[Gnso-ssr] discussion -- SAC061 -- SSAC Comment on ICANN's Initial Report from the Expert Working Group on gTLD Directory Services

Greg Aaron greg at illumintel.com
Wed Feb 12 16:16:53 UTC 2014


Dear Mikey:

 

As Stephanie notes, the EWG plans to issue its final report at (before?)
ICANN London in June.   At that point the community will find out exactly
what the EWG proposes, with hopefully a full explanation of why.  Then the
GNSO, the Board, and the community will need to decide whether the EWG's
proposals are good ones or not.   I assume that there will be a formal
public comment period for the EWG's final report; the GNSO should confirm
that in Singapore.  I'm an expert on WHOIS, and I found the EWG's interim
report to be so impenetrable that it resisted interim comment (sorry,
Stephanie!).

 

When the EWG was formed, ICANN said "The working group's results will feed
into the GNSO's bottom-up, policy development process where all community
interests will be encouraged to participate in the decision-making."  If I
have any personal advice for the GNSO, it is not to accept any fait
accomplis.  The EWG is to propose policies, and I suggest that those
proposals shouldn't be allowed to take on a life of their own and be
considered done deals or the only alternatives.  Part of the process should
be a careful exploration of the implications and impacts of the proposed
policies, and what alternative proposals may be proposed.  The EWG is doing
some due diligence, but it has to finish its work soon and the GNSO will
need to assume responsibility for further diligence and studies.

 

Where are things with establishing a registration data policy?  That is an
interesting question.  The EWG's initial report did not do a good job IMHO
at proposing policies.  Here's how SSAC061 put the problem; I think it is
worth reiterating:

"The EWG, in parallel to proposing a new model for the purpose of
registration data,  discussed several 'system designs' for access to the
data and proposed one model, calling  for a centralized registration data
repository. That approach poses a quandary: policies are expressions of
goals and should articulate the problems the community designed them  to
solve. Until proposed registration data policies and their justifications
are stated clearly, it is not possible to comment definitively on their
security and stability  consequences. And until the community accepts the
policies, it is difficult to discuss  whether proposed delivery options will
satisfy the goals in a suitably secure and stable  manner.. 
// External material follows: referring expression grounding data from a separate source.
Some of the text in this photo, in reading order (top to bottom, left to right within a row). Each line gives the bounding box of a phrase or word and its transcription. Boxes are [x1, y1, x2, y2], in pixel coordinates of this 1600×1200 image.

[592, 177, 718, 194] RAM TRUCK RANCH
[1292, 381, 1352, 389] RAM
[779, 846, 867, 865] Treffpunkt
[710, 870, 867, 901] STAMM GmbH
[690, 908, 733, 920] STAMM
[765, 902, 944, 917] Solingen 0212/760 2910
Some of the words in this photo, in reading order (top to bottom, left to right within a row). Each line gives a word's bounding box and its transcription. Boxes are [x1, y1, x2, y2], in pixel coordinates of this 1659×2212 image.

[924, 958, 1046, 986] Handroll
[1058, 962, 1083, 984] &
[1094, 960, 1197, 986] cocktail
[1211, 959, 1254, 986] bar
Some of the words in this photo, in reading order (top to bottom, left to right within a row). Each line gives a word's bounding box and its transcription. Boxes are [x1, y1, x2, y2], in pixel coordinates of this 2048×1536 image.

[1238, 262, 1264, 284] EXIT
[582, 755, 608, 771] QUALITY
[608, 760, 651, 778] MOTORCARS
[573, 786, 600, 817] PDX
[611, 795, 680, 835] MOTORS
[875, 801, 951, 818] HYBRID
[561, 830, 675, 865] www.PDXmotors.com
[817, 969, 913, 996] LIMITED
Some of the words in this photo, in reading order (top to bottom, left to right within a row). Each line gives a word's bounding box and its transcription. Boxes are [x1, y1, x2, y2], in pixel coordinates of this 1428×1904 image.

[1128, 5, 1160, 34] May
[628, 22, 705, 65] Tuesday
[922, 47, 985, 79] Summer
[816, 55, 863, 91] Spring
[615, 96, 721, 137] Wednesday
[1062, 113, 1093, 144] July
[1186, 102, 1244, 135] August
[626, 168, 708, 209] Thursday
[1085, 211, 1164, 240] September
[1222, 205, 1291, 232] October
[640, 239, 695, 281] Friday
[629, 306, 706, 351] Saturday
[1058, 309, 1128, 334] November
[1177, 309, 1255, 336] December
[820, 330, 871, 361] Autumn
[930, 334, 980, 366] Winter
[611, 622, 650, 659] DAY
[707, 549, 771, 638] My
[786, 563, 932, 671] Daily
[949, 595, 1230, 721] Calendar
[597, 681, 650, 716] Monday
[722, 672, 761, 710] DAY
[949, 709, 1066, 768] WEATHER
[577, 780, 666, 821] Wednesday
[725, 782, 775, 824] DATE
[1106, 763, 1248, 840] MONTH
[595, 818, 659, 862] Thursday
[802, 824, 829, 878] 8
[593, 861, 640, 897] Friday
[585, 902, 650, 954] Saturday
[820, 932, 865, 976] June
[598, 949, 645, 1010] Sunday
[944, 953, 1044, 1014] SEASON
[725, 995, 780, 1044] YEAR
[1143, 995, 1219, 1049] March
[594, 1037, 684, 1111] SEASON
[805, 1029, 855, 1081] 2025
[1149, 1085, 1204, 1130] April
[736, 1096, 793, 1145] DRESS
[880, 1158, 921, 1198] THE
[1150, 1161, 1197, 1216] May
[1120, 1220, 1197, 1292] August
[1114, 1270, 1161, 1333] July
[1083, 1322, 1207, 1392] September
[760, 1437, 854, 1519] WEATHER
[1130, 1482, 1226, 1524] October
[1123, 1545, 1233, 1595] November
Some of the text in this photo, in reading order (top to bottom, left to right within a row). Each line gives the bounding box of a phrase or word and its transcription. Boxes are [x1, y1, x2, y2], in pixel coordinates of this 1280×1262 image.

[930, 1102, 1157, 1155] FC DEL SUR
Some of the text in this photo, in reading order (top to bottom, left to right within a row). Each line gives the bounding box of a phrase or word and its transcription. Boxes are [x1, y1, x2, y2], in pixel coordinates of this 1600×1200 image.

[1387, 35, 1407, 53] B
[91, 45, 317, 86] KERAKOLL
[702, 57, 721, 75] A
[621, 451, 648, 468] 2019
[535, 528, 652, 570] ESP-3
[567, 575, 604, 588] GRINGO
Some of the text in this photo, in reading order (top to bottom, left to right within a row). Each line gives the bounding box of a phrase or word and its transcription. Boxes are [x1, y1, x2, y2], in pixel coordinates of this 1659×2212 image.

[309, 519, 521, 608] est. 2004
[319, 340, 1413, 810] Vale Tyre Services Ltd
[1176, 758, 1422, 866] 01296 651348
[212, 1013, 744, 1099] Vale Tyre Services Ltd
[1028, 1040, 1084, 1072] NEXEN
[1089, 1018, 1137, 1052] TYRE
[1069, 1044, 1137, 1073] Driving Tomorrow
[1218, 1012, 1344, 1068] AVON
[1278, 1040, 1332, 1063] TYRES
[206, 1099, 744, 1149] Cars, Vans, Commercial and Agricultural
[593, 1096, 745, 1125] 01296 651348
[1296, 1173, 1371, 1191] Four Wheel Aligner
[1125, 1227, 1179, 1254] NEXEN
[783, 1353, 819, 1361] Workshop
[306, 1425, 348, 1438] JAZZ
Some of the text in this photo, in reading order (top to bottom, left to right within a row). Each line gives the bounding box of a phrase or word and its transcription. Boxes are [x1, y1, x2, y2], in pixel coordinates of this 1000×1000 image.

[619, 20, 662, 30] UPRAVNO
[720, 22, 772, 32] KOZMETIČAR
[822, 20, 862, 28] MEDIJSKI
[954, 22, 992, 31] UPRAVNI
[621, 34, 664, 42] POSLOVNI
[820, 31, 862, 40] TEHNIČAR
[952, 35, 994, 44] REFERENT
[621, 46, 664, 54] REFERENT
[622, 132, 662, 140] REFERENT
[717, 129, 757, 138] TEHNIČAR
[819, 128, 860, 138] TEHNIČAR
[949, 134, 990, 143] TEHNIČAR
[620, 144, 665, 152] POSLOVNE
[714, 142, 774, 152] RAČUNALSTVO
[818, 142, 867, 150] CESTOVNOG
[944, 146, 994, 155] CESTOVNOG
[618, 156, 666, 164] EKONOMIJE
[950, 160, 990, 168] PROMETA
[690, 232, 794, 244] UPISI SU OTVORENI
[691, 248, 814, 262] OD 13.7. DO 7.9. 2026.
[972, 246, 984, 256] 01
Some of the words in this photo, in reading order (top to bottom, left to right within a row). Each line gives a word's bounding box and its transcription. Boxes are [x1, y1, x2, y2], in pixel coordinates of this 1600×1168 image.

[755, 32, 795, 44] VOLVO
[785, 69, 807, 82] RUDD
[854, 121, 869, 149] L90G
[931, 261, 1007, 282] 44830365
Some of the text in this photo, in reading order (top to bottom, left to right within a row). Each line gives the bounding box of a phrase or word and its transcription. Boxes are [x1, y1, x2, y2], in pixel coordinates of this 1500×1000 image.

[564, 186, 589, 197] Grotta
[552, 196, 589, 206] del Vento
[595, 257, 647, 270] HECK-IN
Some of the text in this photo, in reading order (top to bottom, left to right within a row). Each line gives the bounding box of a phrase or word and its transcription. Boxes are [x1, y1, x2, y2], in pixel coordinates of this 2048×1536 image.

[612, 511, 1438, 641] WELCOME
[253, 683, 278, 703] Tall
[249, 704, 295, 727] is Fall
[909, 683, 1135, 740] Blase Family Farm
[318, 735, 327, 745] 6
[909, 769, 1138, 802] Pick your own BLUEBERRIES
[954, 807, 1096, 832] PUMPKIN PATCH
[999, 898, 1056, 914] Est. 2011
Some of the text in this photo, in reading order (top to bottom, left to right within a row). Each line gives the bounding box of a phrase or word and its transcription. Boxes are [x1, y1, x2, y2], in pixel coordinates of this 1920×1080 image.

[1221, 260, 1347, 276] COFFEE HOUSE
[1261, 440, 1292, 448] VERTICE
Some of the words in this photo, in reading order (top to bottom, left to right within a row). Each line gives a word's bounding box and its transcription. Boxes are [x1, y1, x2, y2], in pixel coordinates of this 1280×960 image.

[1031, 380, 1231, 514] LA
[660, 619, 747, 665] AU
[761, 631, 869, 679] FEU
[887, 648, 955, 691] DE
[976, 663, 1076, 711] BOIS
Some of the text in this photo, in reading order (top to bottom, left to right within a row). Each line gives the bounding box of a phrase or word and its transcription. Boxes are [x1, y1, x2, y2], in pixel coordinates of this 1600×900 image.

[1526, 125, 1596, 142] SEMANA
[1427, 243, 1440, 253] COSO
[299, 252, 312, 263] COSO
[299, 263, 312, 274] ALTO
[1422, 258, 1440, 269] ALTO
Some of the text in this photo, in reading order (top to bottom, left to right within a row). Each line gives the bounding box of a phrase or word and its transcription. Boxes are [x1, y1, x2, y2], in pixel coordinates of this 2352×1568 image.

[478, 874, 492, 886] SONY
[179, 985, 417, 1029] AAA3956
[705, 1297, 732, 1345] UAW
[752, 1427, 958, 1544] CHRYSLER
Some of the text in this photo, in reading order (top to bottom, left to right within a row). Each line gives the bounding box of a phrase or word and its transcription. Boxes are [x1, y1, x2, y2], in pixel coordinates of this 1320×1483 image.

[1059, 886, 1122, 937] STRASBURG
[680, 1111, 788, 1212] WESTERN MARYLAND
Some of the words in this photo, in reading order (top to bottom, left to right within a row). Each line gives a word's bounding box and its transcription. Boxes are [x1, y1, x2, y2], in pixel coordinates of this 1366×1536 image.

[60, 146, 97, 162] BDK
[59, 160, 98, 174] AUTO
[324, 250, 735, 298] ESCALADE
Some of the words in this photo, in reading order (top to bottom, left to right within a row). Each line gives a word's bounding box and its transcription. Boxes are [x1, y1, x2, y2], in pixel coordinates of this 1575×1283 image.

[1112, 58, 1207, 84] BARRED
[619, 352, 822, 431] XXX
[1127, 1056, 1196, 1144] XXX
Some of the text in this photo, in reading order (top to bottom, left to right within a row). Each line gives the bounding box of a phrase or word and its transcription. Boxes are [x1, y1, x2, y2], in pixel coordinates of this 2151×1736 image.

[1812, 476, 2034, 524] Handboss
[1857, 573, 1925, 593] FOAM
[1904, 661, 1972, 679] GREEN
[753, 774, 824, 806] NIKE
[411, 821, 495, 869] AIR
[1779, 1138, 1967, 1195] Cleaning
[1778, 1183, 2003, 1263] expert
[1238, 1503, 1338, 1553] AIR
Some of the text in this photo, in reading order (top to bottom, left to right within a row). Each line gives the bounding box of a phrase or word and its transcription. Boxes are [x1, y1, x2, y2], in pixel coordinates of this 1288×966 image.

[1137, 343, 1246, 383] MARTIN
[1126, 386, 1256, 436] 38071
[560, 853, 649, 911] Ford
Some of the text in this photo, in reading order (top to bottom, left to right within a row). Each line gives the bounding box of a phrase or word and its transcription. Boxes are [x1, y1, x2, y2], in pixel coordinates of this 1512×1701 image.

Improving and ensuring security and stability require balancing risks,
benefits, and costs.  While it is understood that the EWG Initial Report is
a first attempt by the EWG to  address these issues, the SSAC does not
believe adequate explanations of the perceived  benefits, risks, or costs,
or how they were balanced has been provided. The EWG Initial  Report
describes some proposed solutions but does not always discuss why those
solutions are justified. Instead, the report focuses on a specific outcome:
a specific system  with many features. The EWG Initial Report did not state
what alternatives it considered  and rejected and did not indicate the EWG's
methodology for developing its recommendations. Some of the items in the
EWG's list of "Desired Features and Design  Principles" (pages 20-27) may be
seen within the community as new policies, and some are feature requests and
implementation choices that may be only some of the possible  ways to
execute on the policies. If the ICANN community does not accept some of the
proposed policies, the features and implementation choices will necessarily
change.  

The SSAC believes a centralized meta-registry (e.g., the ARDS) is not the
only solution  to problems stated by the WHOIS Review Team, and it is
unclear whether that specific  solution will create net improvements when
weighed against the risks. " 

http://www.icann.org/en/groups/ssac/documents/sac-061-en.pdf 

 

I personally will read that EWG final report to see if the EWG proposes a
coherent set of WHOIS policies and under what basis the EWG justifies them.
Based on the EWG's November interim report and its response to the initial
public comments, the EWG apparently believes that the centralized model
(ARDS) is the way to go.  I personally believe that that idea should receive
robust debate and due diligence.

 

Among other things, SSAC recommended that a risk assessment be carried out.
"The EWG agrees that risk/impact assessment should be conducted"
(https://www.icann.org/en/groups/other/gtld-directory-services/summary-respo
nse-initial-12nov13-en.pdf), but AFAIK that risk assessment has not yet been
planned because we first need to see what the EWG final report says.  And
then see above -- the scope of any risk assessments may be dependent on what
the GNSO thinks.  For example, if it is determined that the centralized ARDS
idea is a non-starter for overriding policy or legal reasons, then why would
anyone do a risk assessment of its implementation?  In any case, I suggest
the GSNO track and help direct the creation of risk assessments at the
appropriate points.

 

In the meantime, ICANN has issued an RFI on behalf of the EWG: "to identify
any organizations capable of accrediting users of the new [centralized]
Registration Directory Service (RDS) now under consideration to replace the
current WHOIS system....With this Request for Information, the EWG seeks to
solicit responses from organizations that currently issue system access
credentials to authorized members of their own community, using defined
acceptance criteria...The purpose of this RFI is purely informational - that
is, to inform the development of policies and procedures that may follow the
EWG's Final Report. As a result, potential Respondents responding to any
future RFP for the EWG Project will not be bound by the estimates, prices,
or other information provided in response to this RFI."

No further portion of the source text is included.